Here is a sampling of what they had to say:
Edward Karam in his Broadway.com Review: "LaBute has provided McCormack with a psychologically complex character, and the actor delves into it with relish. Apart from the opening moments of banter, when Will Truman seems to be hovering, McCormack succeeds in shaking off any identification with his persona from TV's Will & Grace and creates a character who fascinates and repels simultaneously. Although the themes of perpetual male adolescence, ruthless manipulation and fear of commitment run through the piece, director Jo Bonney keeps the pitch and pace of the four encounters different."

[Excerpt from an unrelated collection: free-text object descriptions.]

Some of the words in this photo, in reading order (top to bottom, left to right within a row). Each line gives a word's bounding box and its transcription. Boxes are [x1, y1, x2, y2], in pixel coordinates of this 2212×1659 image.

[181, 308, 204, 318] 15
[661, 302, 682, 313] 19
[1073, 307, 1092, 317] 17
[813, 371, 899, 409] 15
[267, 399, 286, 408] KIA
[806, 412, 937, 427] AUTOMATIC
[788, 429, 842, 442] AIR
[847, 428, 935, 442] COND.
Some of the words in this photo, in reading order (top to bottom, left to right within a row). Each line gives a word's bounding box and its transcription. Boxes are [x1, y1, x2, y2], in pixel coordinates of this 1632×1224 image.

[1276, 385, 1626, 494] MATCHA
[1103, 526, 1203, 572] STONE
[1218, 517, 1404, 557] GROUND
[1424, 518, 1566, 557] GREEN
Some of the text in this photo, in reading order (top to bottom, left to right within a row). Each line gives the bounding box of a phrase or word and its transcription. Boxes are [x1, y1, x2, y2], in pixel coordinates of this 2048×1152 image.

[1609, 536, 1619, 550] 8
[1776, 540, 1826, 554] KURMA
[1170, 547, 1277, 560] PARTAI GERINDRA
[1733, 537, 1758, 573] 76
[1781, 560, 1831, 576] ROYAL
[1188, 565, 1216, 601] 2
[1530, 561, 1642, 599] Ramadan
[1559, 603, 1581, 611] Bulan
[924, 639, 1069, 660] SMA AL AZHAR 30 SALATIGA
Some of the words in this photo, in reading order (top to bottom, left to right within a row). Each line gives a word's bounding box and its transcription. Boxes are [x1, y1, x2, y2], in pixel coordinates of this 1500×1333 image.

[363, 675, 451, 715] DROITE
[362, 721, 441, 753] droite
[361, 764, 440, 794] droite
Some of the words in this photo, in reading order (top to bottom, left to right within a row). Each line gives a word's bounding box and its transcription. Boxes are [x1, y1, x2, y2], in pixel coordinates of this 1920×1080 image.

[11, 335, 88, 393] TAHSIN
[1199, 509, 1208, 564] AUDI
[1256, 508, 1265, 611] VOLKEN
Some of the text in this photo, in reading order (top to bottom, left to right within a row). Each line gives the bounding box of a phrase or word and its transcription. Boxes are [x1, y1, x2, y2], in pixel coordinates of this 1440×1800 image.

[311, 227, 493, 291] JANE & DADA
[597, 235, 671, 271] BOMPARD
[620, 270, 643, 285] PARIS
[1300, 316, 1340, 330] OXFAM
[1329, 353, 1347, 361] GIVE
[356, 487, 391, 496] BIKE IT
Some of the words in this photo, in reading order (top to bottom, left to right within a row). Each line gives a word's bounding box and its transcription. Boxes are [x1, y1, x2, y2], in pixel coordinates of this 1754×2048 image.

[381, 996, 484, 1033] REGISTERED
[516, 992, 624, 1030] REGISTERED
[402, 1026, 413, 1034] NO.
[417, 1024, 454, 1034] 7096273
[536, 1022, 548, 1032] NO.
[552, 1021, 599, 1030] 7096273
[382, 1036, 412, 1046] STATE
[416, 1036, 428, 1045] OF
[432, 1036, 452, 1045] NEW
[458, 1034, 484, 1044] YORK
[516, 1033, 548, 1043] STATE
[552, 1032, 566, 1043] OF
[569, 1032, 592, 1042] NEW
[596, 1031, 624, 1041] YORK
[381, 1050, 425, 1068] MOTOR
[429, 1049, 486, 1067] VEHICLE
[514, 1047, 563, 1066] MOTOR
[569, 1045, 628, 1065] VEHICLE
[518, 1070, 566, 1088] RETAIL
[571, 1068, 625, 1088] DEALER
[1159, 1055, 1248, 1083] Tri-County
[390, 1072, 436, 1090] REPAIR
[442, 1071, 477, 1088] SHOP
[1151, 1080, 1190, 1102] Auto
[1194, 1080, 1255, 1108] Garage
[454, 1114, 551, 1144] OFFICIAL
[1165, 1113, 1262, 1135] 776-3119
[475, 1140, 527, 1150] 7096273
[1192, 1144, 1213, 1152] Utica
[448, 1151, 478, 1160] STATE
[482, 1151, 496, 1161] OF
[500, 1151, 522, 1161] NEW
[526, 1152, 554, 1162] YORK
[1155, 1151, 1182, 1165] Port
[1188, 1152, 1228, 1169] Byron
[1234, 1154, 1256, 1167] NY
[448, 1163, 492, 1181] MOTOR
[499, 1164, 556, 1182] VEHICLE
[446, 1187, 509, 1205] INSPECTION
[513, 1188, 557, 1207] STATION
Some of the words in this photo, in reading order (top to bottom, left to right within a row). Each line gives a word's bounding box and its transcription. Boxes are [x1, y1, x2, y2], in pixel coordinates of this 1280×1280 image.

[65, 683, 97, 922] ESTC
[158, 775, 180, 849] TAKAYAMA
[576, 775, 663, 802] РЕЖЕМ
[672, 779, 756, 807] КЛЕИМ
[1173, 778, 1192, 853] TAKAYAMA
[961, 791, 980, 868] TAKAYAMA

Ben Brantley of The New York Times: "Some Girls, an MCC production directed by Jo Bonney, is one part LaBute bile to eight parts watery contrivance. And most of the performers—who include Mr. McCormack's fellow television alumni Fran Drescher The Nanny, Maura Tierney E.R. and Judy Reyes Scrubs, as well as Brooke Smith, the show's standout—do little to diffuse the impression that misanthropy, in this case, breeds monotony… Playing a thoughtless, woman-despising heterosexual, Mr. McCormack isn't much different from when he was playing a thoughtful, woman-worshiping homosexual. As in Will & Grace, he italicizes every other line for maximum comic spin and punctuates his dialogue by earnestly furrowing his features."
Clive Barnes of The New York Post: "Some Girls is one of those plays that puts a concept where its story ought to be… Very few laughs are provided by the pedestrian script... Neither director Jo Bonney nor the cast can get the thing off the ground, not even at the end, when LaBute finally exhibits a touch of his much-fabled misanthropy… The cast works hard. McCormack as LaBute's single-minded, self-absorbed egoist of an anti-hero does well enough but hardly ignites the theater with the natural charisma of a star. The four ladies he's loved and ditched vary from the rather awful, stilted Drescher as a married lady he abandoned after being discovered in flagrant circumstances by her husband, to the excellent, cheerfully spunky Tierney as a young woman prepared to give as much she takes."
Justin Bergman of The Associated Press: "McCormack's transformation to narcissistic womanizer is so believable in LaBute's Some Girls, making its New York debut at the Lucille Lortel Theatre, it's hard to imagine him having trouble getting it on as his perpetually celibate gay alter-ego on television…. LaBute's words cut and wound but they are also incredibly funny, and at times poignant... One of the joys of Some Girls is knowing that every conversation will end badly but hanging on to every word and watching mouth agape, as if rubbernecking at an accident on the highway… Though dense with language, the production is imbued with a natural fluidity under the direction of Jo Bonney.
Rob Kendt of Newsday: "From its TV-minted cast to its sleek realization by director Jo Bonney, this feels like LaBute Lite: a scourging dissection of dating ethics, as usual, but one that's surprisingly agreeable, almost breezy… Ultimately, as its title promises, Some Girls feels as studiously generic as Neil Patel's modular hotel room set: The walls move, the bedding changes, the 'girls' come and go, but our hero is none the wiser."